Zwei Stunden später, auf der Karl-Liebknecht-Straße: Polizeieinsatzkräfte aus ganz Deutschland haben sich in Stellung gebracht, Wasserwerfer stehen bereit. Jung und Alt sind auf der Straße zusammengekommen, sitzen mit Bierflaschen auf der Wiese im Park oder stehen herum. Doch die schwarze Kleidung überwiegt, einige Menschen haben sind vermummt. Er sei über Schleichwege aus Berlin angereist, damit „die Bullen“ ihn nicht rausziehen, erzählt ein junger Mann seinem Kumpel.
„Ihr Verhalten ist rechtswidrig und strafbar“
Plötzlich knallt es. Nebel liegt in der Luft. Eine Farbbombe explodiert und färbt die Luft pink. Weitere Male knallt es. Jubelrufe. Beifall. Antifaschistische Sprechchöre ertönen, Adrenalin liegt in der Luft. Ein Pulk Demonstrierender setzt sich in Bewegung, Polizisten hinterher. Schaulustige sollen das Areal verlassen, fordert die Polizei per Lautsprecher: „Unterlassen Sie es Pyrotechnik abzubrennen und die Arbeit der Polizei zu behindern!“ Und: „Ihr Verhalten ist rechtswidrig und strafbar. Werden sie unseren Aufforderungen nicht Folge leisten, werden sich weitere Maßnahmen anschließen, gegebenenfalls unter Anwendung von unmittelbarem Zwang.“
Die Meute bleibt unbeeindruckt, „Verpisst Euch, Scheißbullen“, schallt immer wieder über den Platz. Doch weil nur etwa 1500 Menschen zu der Versammlung gekommen sind, hat die Polizei leichtes Spiel: Ab jetzt kommt niemand mehr rein oder raus, die Demonstrierenden werden eingekesselt. Einige Jugendliche sind enttäuscht, dass sie es vorher nicht mehr in den Block geschafft haben. „Nein, ich bin draußen, die haben dicht gemacht“, brüllt einer wütend ins Telefon und nimmt einen tiefen Schluck aus seiner Bierflasche. „Vielleicht klappt es noch irgendwie.“
Noch Stunden hält die Polizei mehrere Hundert Menschen in dem Kessel fest. Ein Student aus Bayern, der extra angereist war, hat es hinausgeschafft, eilt zum Dönerladen und erzählt dem Partyvolk dort seine Geschichte. Das Handy haben sie ihm abgenommen und seine Papiere, alle seine Leute sind weg. Wie er jetzt zu seinem Schlafplatz außerhalb kommt, weiß er noch nicht. Er will es zu Fuß versuchen.
Fünf Haftbefehle
Im Kessel skandieren die Chaoten: „Alle Bullen sind Schweine“, „Free Lina“, „Alle Polizisten, Mörder und Faschisten“, „Lasst uns endlich frei“. Die klassischen linksradikalen Parolen also. Die Polizei nimmt das Gebrüll stoisch zur Kenntnis, der heutige Einsatz wirkt wie ein Kinderspiel für sie, auch wenn einige Beamten müde wirken.

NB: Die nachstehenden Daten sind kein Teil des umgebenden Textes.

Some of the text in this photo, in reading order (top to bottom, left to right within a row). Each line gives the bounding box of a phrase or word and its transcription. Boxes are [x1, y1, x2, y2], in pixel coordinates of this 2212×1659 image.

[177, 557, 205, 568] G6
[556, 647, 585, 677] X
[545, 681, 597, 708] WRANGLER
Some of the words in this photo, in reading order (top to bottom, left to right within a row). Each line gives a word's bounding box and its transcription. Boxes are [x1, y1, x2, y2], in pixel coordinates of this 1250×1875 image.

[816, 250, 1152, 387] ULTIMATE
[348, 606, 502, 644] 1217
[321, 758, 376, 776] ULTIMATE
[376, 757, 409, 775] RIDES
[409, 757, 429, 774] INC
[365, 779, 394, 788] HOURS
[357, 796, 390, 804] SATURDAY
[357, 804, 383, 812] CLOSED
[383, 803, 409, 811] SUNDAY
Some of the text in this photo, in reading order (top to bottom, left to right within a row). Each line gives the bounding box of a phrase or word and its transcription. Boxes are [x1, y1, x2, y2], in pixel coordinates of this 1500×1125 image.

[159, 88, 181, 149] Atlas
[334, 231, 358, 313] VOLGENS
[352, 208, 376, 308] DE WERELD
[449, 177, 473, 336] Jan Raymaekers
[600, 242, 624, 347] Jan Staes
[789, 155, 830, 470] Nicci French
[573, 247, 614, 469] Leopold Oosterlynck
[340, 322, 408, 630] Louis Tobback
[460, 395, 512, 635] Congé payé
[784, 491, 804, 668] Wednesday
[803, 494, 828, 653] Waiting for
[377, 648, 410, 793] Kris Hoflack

Bis Sonntagmorgen geht das, erst dann wird das Ganze aufgelöst. Gegen fünf Männer im Alter zwischen 20 und 32 Jahren ergehen Haftbefehle wegen schweren Landfriedensbruches. Sie kommen in eine Justizvollzugsanstalt, berichtet die „Leipziger Volkszeitung“.
Rund 1500 Teilnehmer hatten sich laut Polizei zu der Demonstration versammelt, davon der Einschätzung zufolge ein Drittel gewaltbereite. Die Polizei beklagte „massive Ausschreitungen“. Angemeldet waren 100 Demonstranten. Mehrere Wasserwerfer wurden aufgefahren, kamen demnach aber nicht zum Einsatz.